FIGURE 3. Effect of Sca-1⁺ LMSCs and neutrophils on the growth of K pneumoniae.

Both Sca-1⁺ LMSCs and BMDNs showed similar killing effects at all time points tested when infected with low MOI (1 MOI) of K. pneumoniae (A). **, p < 0.01; ***, p < 0.001; ****, p < 0.0001 for the indicated comparisons. Data are mean ± SEM from three separate experiments (quadruplicate samples). Data were analyzed using one-way ANOVA with Turkeys multiple comparisons test at each time point. However, the killing effects of Sca-1⁺ LMSCs and LMSC-derived supernatants were remarkably higher at 1.5 h (B) and 3 h (C) post-infection than that of BMDNs when infected with a higher MOI (10 MOI) of K. pneumoniae. Both Sca-1⁺ LMSCs and their supernatants as well as BMDNs failed to inhibit the growth of K. pneumoniae (10 MOI) at 6 h post-infection (D).

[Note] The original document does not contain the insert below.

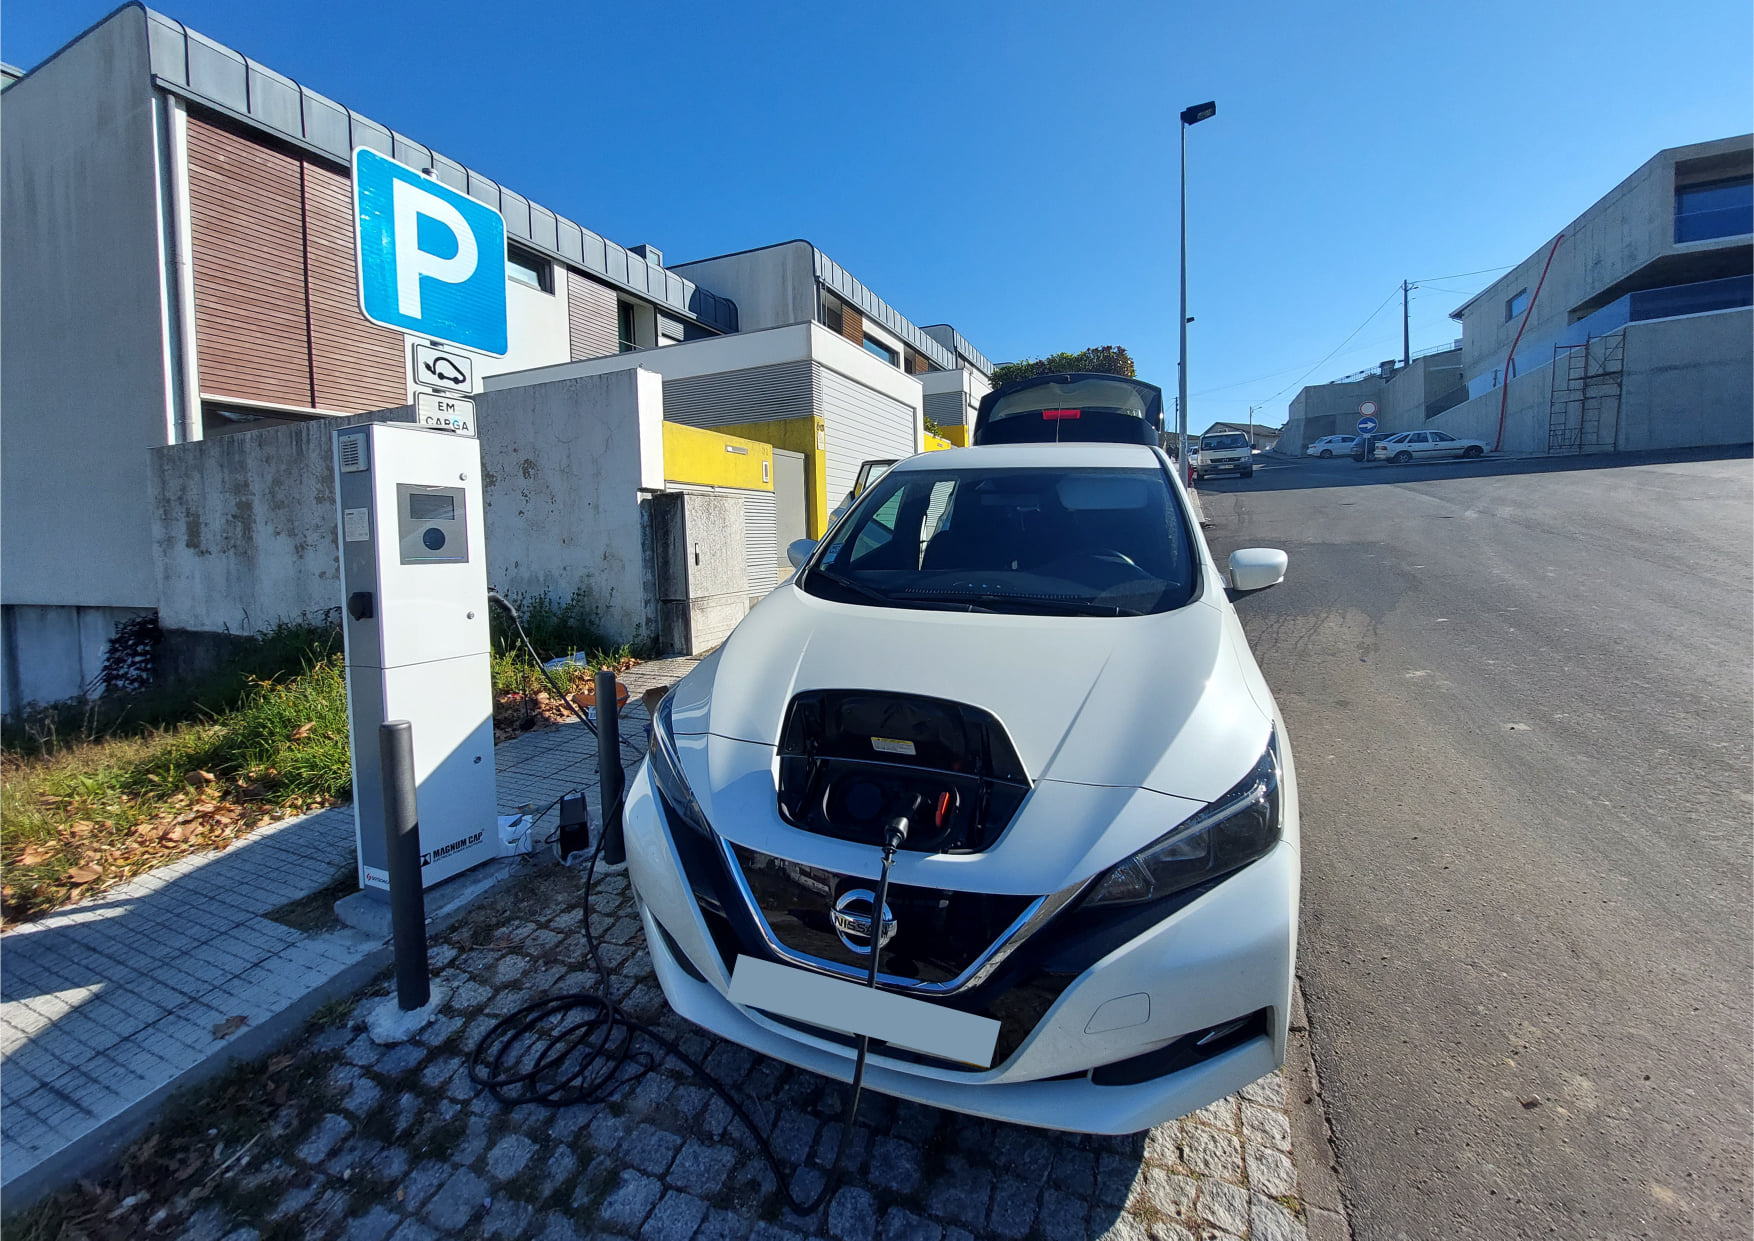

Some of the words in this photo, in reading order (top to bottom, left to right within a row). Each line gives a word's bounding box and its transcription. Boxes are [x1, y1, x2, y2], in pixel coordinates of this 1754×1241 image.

Results are the mean ± SEM from three independent experiments. ****, p < 0.0001 for the indicated comparisons. Data were analyzed using one-way ANOVA with Tukey’s multiple comparisons test. Infection with K. pneumoniae induces the secretion of CRAMP (E), LBT4 (F) and lipocalin-2/NGAL (G) in Sca-1⁺ LMSCs. Results are the mean ± SEM of triplicate samples from each group. *, p < 0.05; ***, p < 0.001 by unpaired t test. (H) CRAMP is potent for killing K. pneumoniae in vitro. Results are the mean ± SEM from three independent experiments. Each experimental condition was carried out using triplicate samples. ****, p < 0.0001 for the indicated comparison. Data were analyzed using unpaired t test. (I) LMSCs secrete H₂O₂ following infection with K. pneumonia. Results are the mean ± SEM from three separate experiments. **, p < 0.01 for the indicated comparison. Data were analyzed using unpaired t test.